• [Prompt]:
Write out the entries exactly, leaving out every picture.

Stored items from a collection:
Content starts

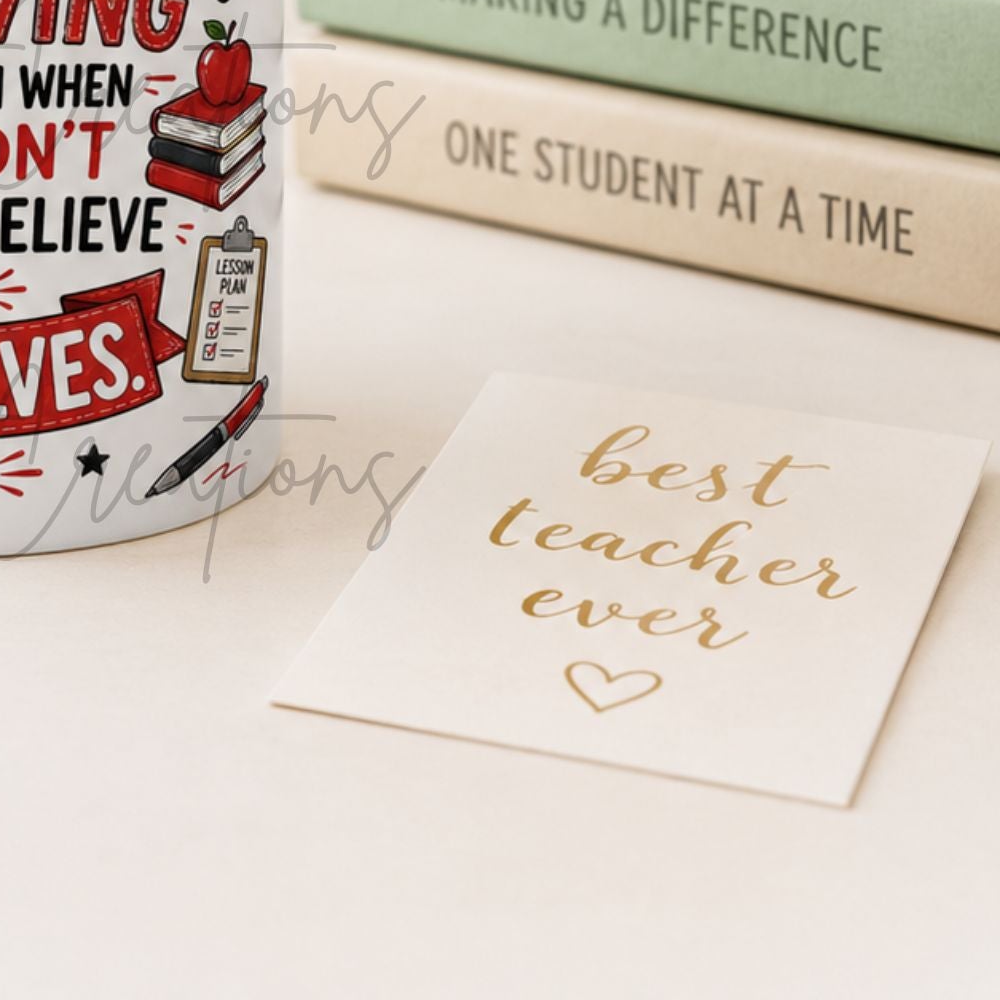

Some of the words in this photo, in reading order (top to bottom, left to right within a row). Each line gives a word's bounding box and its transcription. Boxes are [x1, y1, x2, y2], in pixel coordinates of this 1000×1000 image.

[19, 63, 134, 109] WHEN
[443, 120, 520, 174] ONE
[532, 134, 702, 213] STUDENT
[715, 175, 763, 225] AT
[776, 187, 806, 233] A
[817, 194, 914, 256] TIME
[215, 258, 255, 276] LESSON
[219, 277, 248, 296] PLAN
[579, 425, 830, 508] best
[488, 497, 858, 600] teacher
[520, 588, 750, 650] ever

Content ends

• [Reply]:
Some of the words in this photo, in reading order (top to bottom, left to right within a row). Each line gives a word's bounding box and its transcription. Boxes are [x1, y1, x2, y2], in pixel coordinates of this 1000×1000 image.

[19, 63, 134, 109] WHEN
[443, 120, 520, 174] ONE
[532, 134, 702, 213] STUDENT
[715, 175, 763, 225] AT
[776, 187, 806, 233] A
[817, 194, 914, 256] TIME
[215, 258, 255, 276] LESSON
[219, 277, 248, 296] PLAN
[579, 425, 830, 508] best
[488, 497, 858, 600] teacher
[520, 588, 750, 650] ever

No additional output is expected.